* Task instructions
What you return must be exactly the lines running from the one with "this 1600×1200 image." to the end of the data below, inclusive, and nothing more.

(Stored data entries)
- - - - -

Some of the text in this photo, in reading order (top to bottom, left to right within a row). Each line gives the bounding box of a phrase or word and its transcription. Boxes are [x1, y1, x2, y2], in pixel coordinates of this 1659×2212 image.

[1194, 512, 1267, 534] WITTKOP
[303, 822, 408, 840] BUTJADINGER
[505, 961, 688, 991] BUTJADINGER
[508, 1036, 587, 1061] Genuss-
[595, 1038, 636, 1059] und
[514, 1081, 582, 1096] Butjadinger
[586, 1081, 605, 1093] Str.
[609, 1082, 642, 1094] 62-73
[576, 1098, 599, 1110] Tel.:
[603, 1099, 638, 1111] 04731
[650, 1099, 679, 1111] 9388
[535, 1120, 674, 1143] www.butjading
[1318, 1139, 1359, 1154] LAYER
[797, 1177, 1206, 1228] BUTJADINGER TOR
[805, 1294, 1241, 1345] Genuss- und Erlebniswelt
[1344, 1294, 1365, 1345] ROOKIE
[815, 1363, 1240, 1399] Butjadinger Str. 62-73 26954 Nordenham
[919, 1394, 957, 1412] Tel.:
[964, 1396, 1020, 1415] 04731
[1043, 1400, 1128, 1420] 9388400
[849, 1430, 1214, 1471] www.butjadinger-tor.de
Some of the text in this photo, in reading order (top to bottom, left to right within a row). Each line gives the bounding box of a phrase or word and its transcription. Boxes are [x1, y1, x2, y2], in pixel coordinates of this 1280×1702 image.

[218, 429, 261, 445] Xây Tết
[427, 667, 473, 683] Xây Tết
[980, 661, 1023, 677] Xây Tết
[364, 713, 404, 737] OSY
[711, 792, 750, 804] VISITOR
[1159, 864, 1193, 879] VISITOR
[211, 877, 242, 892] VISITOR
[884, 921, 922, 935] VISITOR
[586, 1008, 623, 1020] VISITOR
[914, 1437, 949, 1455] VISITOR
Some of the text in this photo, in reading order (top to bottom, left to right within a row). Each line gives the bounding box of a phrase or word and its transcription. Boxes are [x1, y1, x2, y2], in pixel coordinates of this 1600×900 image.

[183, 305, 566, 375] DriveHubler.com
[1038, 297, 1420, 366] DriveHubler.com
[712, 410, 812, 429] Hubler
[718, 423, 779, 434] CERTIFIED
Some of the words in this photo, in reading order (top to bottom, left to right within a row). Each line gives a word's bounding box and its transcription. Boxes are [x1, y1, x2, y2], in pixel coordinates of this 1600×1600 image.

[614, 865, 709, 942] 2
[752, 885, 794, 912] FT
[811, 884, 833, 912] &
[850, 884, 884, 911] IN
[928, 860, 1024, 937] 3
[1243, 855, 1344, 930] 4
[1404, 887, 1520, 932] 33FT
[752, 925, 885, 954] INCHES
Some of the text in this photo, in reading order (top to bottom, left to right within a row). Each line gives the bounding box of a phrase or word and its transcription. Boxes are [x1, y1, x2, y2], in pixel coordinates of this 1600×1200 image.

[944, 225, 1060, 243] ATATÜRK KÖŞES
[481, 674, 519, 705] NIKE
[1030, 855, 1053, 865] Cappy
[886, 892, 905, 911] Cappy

- - - - -

* Completed task
Some of the text in this photo, in reading order (top to bottom, left to right within a row). Each line gives the bounding box of a phrase or word and its transcription. Boxes are [x1, y1, x2, y2], in pixel coordinates of this 1600×1200 image.

[944, 225, 1060, 243] ATATÜRK KÖŞES
[481, 674, 519, 705] NIKE
[1030, 855, 1053, 865] Cappy
[886, 892, 905, 911] Cappy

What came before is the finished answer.